Well indeed, the weather has picked up and the magnolia is in blossom in the gardens. I have just been reading the new collection of poems by Christopher Reid entitled “The Late Sun“ and finding it simply excellent. My favourite poem in his collection at the moment is a collaborative translation with Renata Senktas from the Polish of Konstanty Ildefons Gałczyński. It is called from A Trip to Świder
The poem ends with a literary allusion and is infused with a gentle melancholy-
Children in prams, woodpeckers, a birch growing at a slant, the river, and the blind man who drank beer at the station;
and this house with its pointed roof hidden among raspberry bushes, and this shadow… as in Three Sisters by Anton Chekhov.

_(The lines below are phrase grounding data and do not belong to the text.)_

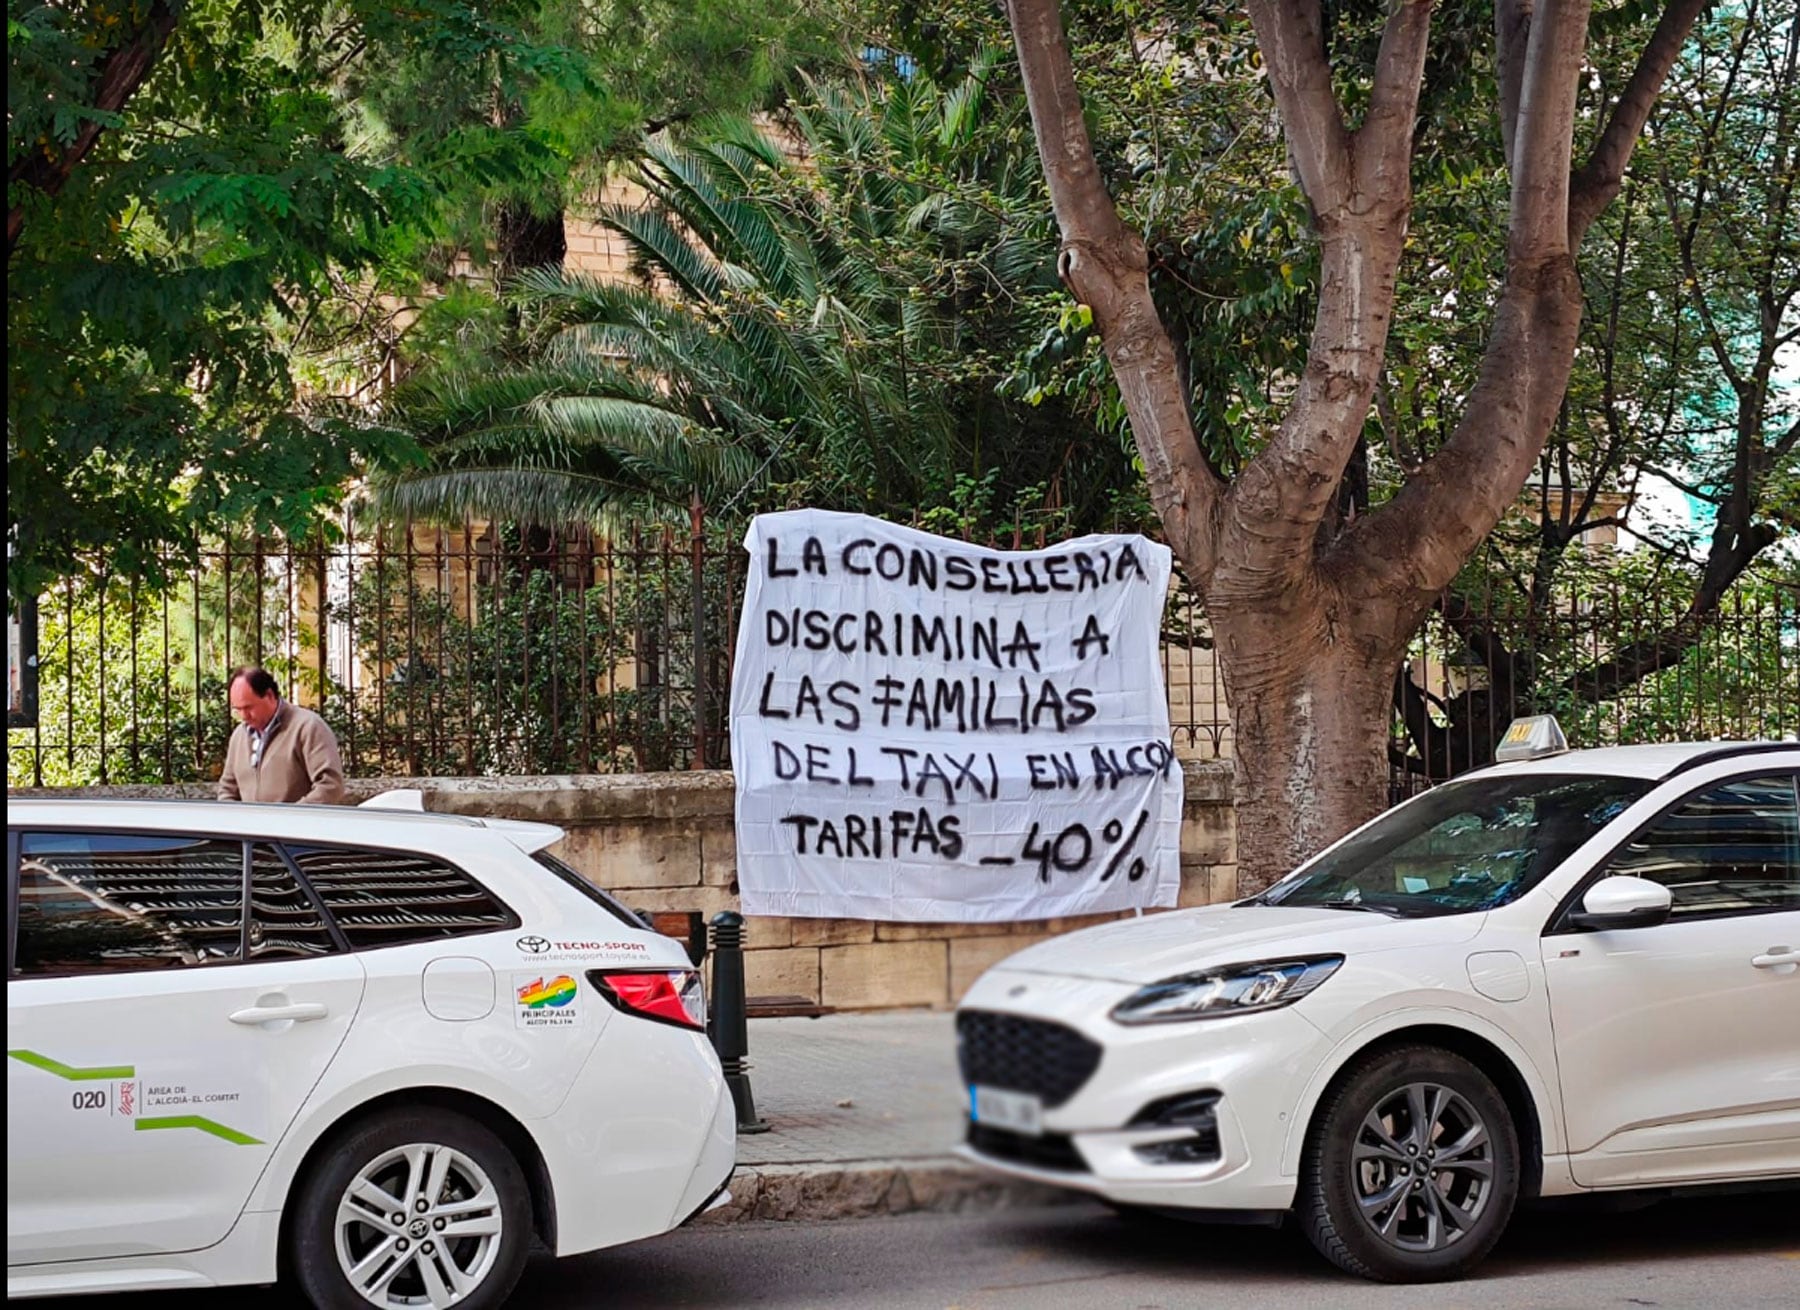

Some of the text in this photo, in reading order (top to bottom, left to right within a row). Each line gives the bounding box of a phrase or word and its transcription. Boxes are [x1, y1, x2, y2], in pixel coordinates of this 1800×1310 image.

[767, 537, 1149, 593] LA CONSELLERIA
[766, 608, 1109, 672] DISCRIMINA A
[759, 672, 1097, 734] LAS FAMILIAS
[772, 740, 1174, 804] DEL TAXI EN ALCOY
[780, 808, 963, 859] TARIFAS
[522, 1009, 576, 1018] PRINCIPALES
[72, 1091, 106, 1110] 020

An informative Polish Website at https://przekroj.pl/en/literature/a-playful-nostalgia-for-a-lost-world-renata-senktas-and-christop interestingly comments that, “hermetic as it sometimes appears, A Trip to Świder is carried along by its musical brio, its dream-like marriage of fantasy and truth, and its kaleidoscopic blending of dissimilar tones and images, which, to quote Czesław Miłosz, “chase one another with the speed of a hurtling train”.“
The Late Summer is replete with great poetry and well worth the effort to read over and over. As a result of reading its 79 pages and not having presently been otherwise engaged by a novel- too many new webinars-I have found much to ponder over between cafetieres of coffee- the poems open up vistas of travel and return to the delights of London. Which thought reminds me of my first encounter with Reid via the wonderful poem-play “The Song of Lunch” world-wearily but delightfully intoned by Alan Rickman with Emma Thompson.